April 20th, 2011 9:59am Report this comment

A seven-point questionnaire? Can anyone think of an idea more self-evidently charlatan? Long ago, working for a major UK company, I ahd to fill in a self-knowledge questionnaire with several dozen questions. Really deep stuff like "Are you introvert or extravert?" and "Do you prefer the word 'hard' or soft'?". The results were then used to "reveal" things about my personality which were obviously, screamingly, in-your-facily untrue. The idea that my career was in the hands of peple who beleived such twaddle was too frightening. I left.

Yam Yam

April 26th, 2011 10:52am Report this comment

The fact that British soldiers have proved more resilient to combat stress may also derive from the fact that the British Army's regimental system has traditionally offered a far higher degree of unit cohesion and esprit-de-corps than existed in the US Army.

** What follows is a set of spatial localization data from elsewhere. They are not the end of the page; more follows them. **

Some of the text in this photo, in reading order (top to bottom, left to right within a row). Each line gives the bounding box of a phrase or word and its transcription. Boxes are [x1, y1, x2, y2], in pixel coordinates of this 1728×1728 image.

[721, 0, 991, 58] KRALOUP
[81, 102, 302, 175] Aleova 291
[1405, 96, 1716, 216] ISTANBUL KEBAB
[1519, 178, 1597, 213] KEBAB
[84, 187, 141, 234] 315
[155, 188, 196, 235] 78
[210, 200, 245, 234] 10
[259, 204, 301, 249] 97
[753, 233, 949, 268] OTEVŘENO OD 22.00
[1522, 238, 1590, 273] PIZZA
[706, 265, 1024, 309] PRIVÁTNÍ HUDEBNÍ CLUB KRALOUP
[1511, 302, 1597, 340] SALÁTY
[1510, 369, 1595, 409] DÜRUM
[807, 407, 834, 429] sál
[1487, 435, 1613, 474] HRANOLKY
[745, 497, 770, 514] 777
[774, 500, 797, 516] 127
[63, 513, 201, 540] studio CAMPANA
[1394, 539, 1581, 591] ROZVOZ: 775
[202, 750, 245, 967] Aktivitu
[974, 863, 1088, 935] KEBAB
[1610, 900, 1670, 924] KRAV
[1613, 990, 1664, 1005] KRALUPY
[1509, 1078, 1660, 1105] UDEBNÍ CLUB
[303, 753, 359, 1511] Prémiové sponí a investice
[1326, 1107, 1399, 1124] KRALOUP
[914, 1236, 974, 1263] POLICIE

For example, a British soldier joined a regionally-based regiment and usually stayed with it throughout his service career, fostering a high degree of loyalty and mutual support.

In contrast, US soldiers often found themselves assigned to regiments with few local affiliations and were frequently swapped and switched between regiments.

Following on from problems of poor morale highlighted during the Vietnam War, since the early 1980s the US has endeavoured to revert back to the 'British' system in order to better foster this same esprit-de-corps.

That said, it will be interesting to see how the British squaddie fares now that defence cuts have resulted in ever more frequent regimental mergers and disbandments.